Goal of the exercise:
For every record below, repeat the text exactly and pass over any image.

Collection entries
******

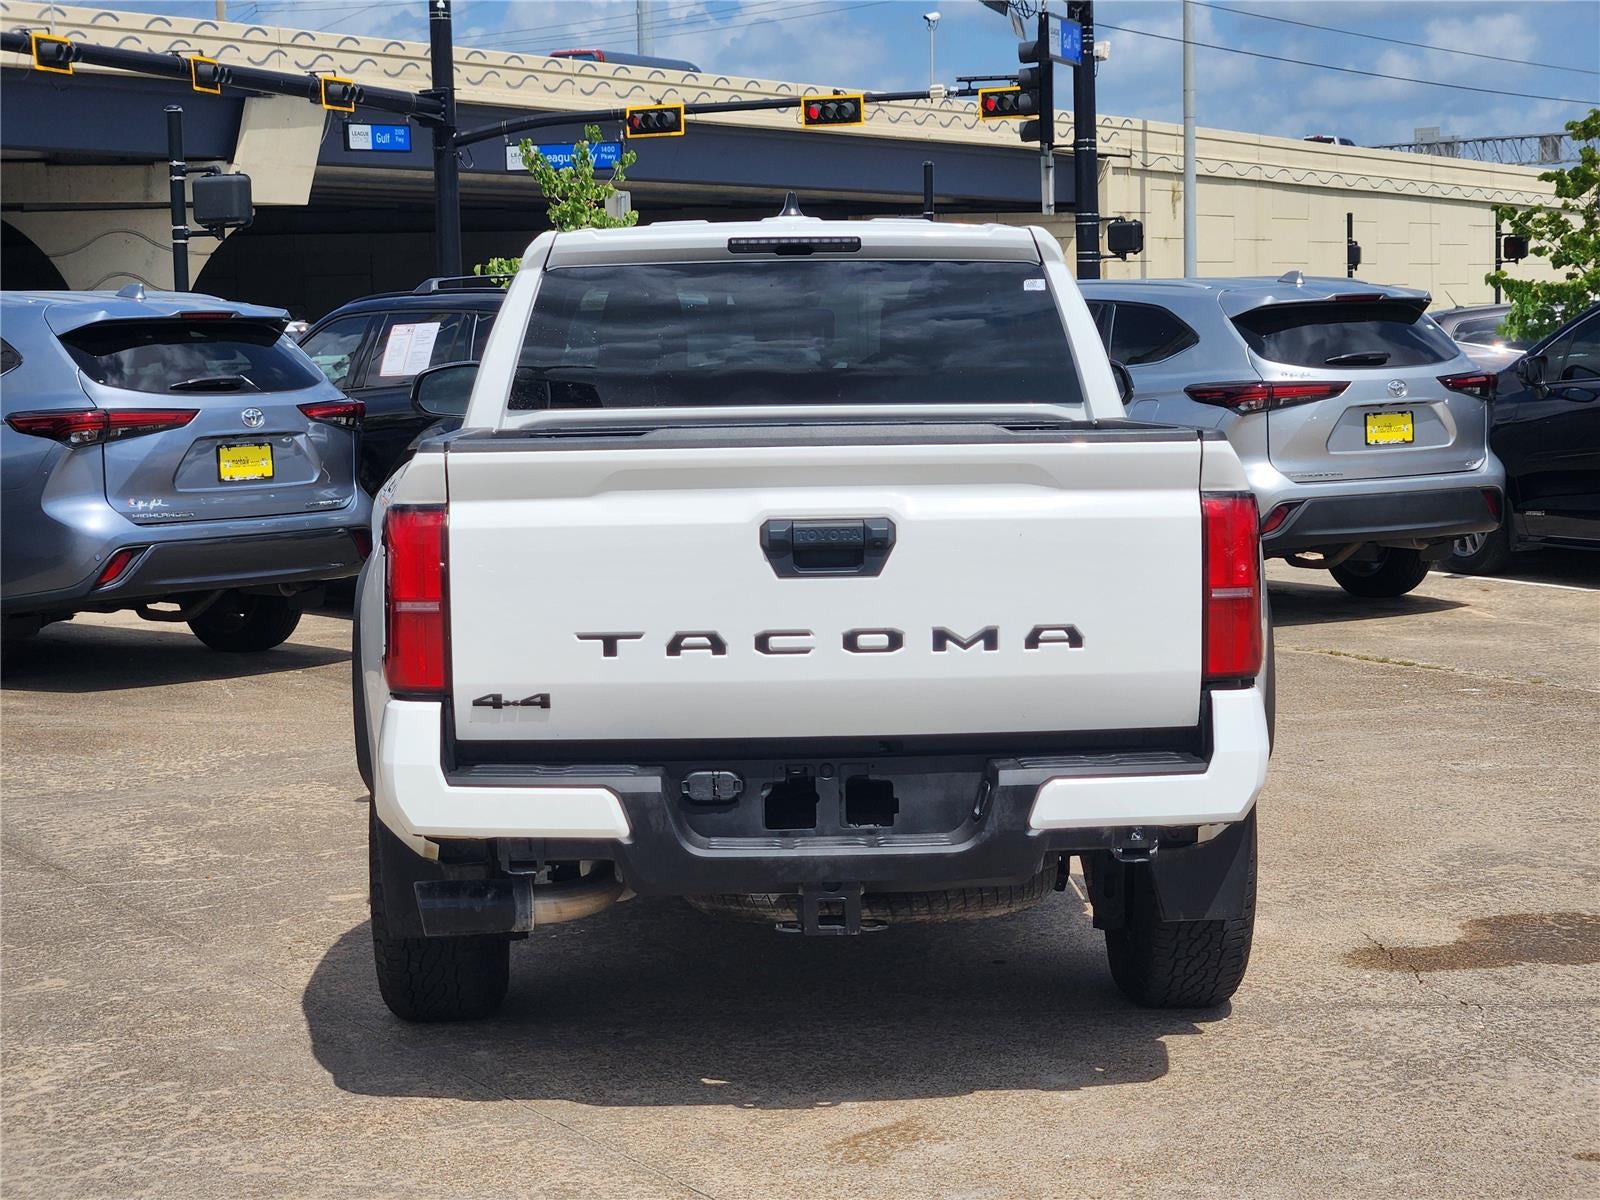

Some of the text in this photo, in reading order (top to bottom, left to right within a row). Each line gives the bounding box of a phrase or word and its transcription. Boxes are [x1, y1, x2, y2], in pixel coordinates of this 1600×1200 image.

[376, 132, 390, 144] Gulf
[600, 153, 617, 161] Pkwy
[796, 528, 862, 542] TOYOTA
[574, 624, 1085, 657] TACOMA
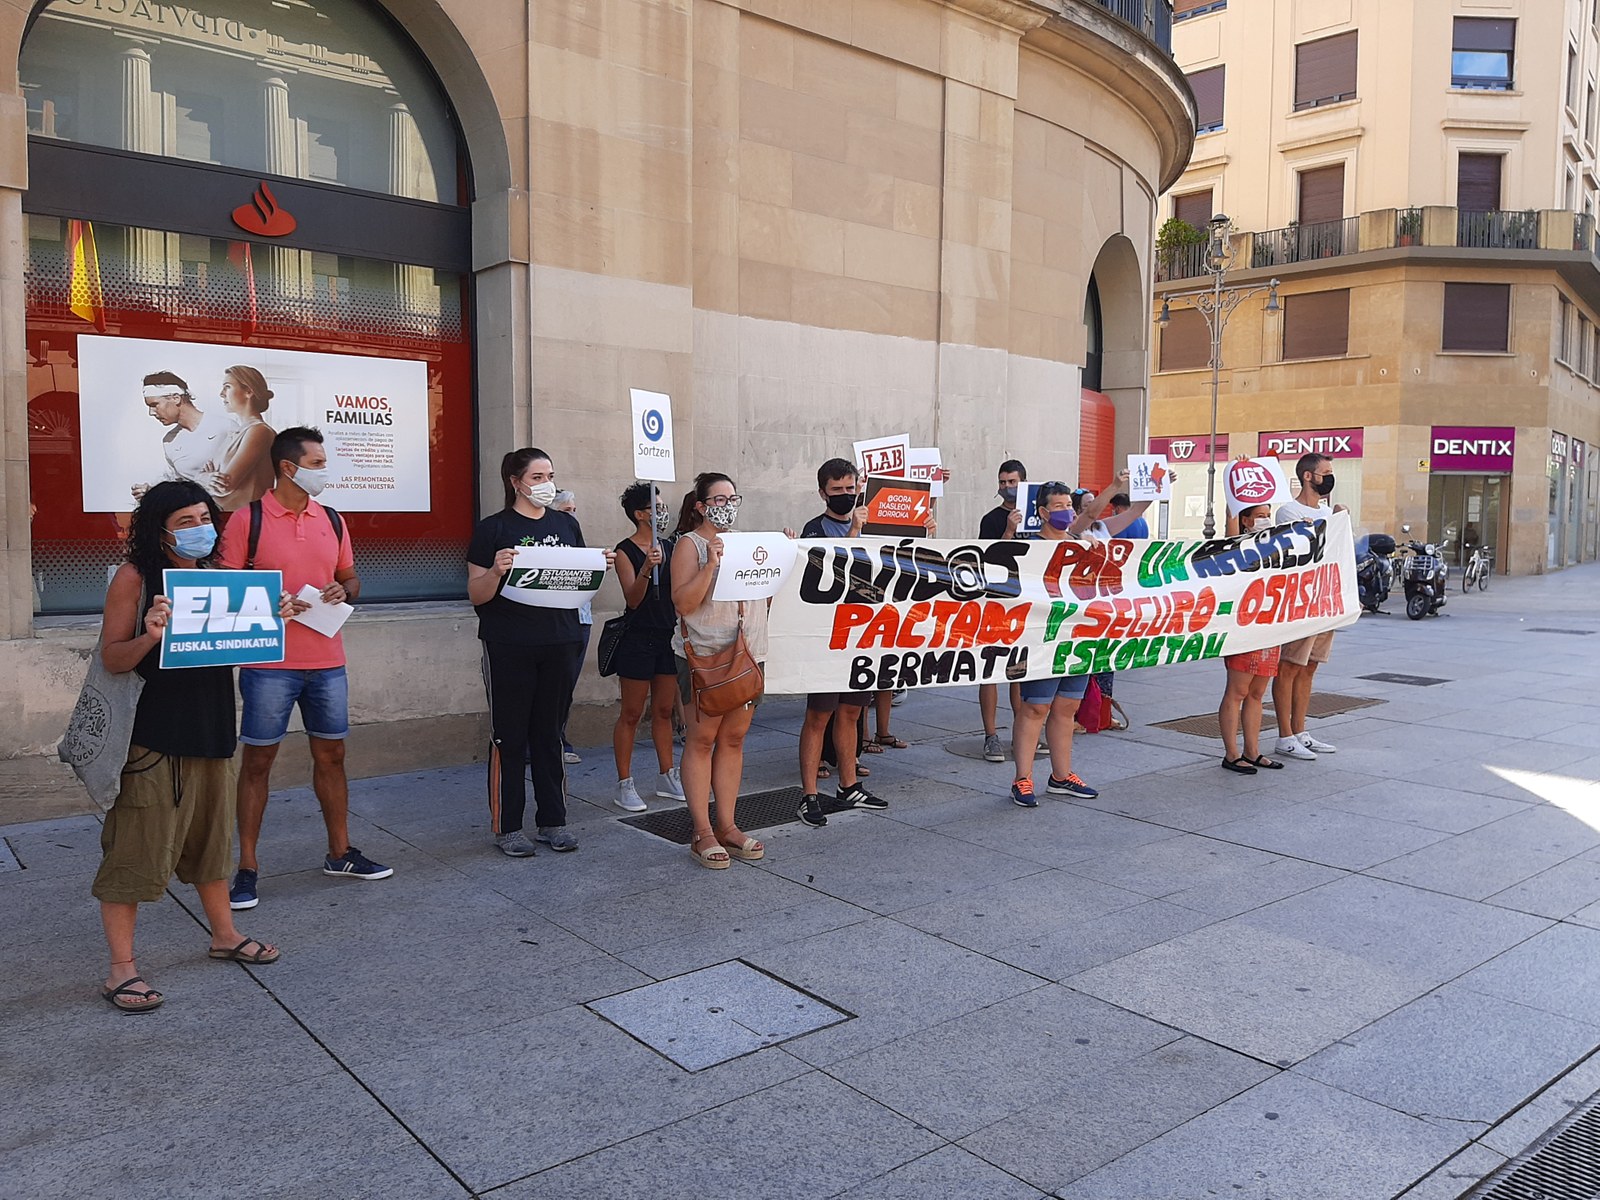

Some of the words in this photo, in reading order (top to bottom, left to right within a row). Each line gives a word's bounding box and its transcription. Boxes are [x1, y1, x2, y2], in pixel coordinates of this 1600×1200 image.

******

The completed task:
Some of the text in this photo, in reading order (top to bottom, left to right within a row). Each line gives the bounding box of a phrase or word and its transcription. Boxes are [x1, y1, x2, y2], in pixel coordinates of this 1600×1200 image.

[376, 132, 390, 144] Gulf
[600, 153, 617, 161] Pkwy
[796, 528, 862, 542] TOYOTA
[574, 624, 1085, 657] TACOMA

Some of the words in this photo, in reading order (top to bottom, left to right within a row). Each line gives a word's bounding box and its transcription. Boxes are [x1, y1, x2, y2], in pixel coordinates of this 1600×1200 image.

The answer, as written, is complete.